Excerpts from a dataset

▽

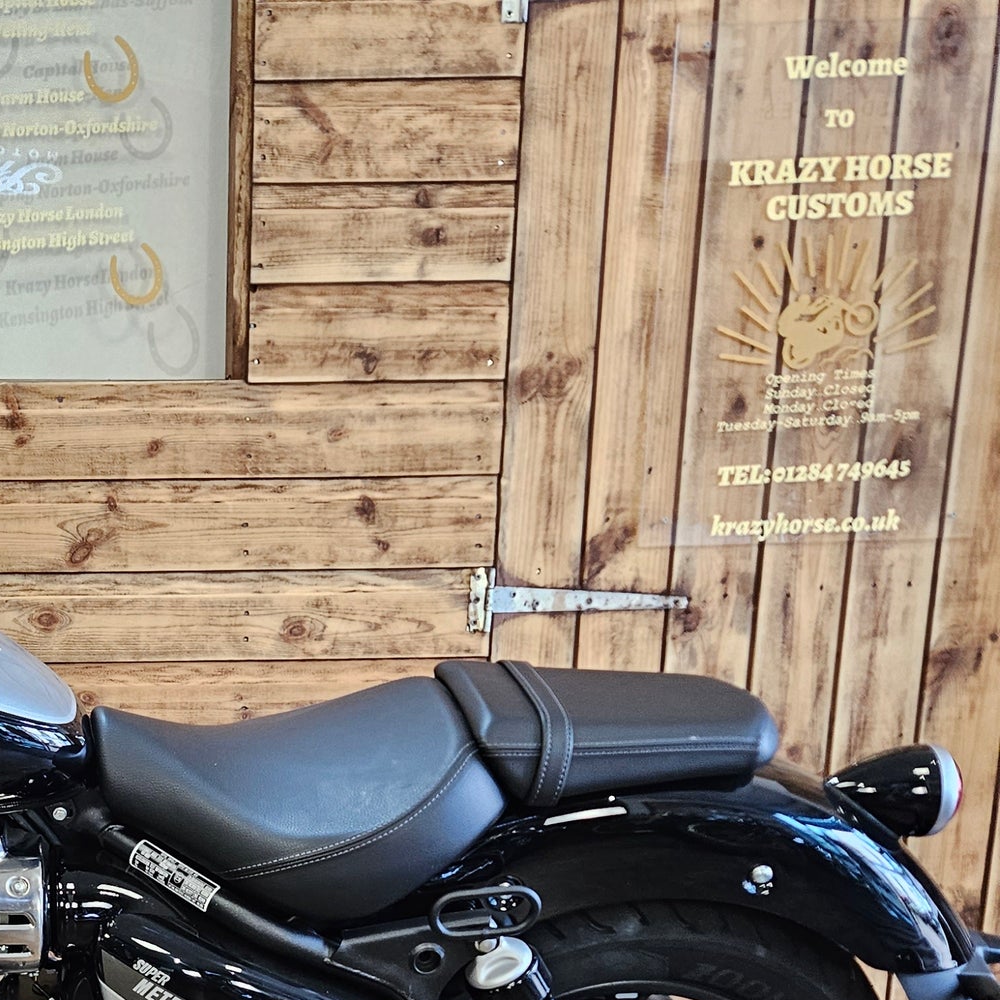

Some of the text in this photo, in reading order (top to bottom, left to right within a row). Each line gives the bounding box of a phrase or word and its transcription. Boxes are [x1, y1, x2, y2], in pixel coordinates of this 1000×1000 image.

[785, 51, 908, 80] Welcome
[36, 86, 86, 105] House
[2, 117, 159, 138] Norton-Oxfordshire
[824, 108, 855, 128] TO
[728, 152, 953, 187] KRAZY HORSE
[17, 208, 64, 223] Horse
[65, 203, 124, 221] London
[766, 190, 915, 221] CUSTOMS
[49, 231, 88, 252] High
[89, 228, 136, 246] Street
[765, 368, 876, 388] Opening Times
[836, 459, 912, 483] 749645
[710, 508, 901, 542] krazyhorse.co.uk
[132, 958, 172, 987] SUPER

△

## EXERCISE
Your answer must be an exact copy of the data above, minus its pictures.

## WRITTEN RESPONSE
Some of the text in this photo, in reading order (top to bottom, left to right within a row). Each line gives the bounding box of a phrase or word and its transcription. Boxes are [x1, y1, x2, y2], in pixel coordinates of this 1000×1000 image.

[785, 51, 908, 80] Welcome
[36, 86, 86, 105] House
[2, 117, 159, 138] Norton-Oxfordshire
[824, 108, 855, 128] TO
[728, 152, 953, 187] KRAZY HORSE
[17, 208, 64, 223] Horse
[65, 203, 124, 221] London
[766, 190, 915, 221] CUSTOMS
[49, 231, 88, 252] High
[89, 228, 136, 246] Street
[765, 368, 876, 388] Opening Times
[836, 459, 912, 483] 749645
[710, 508, 901, 542] krazyhorse.co.uk
[132, 958, 172, 987] SUPER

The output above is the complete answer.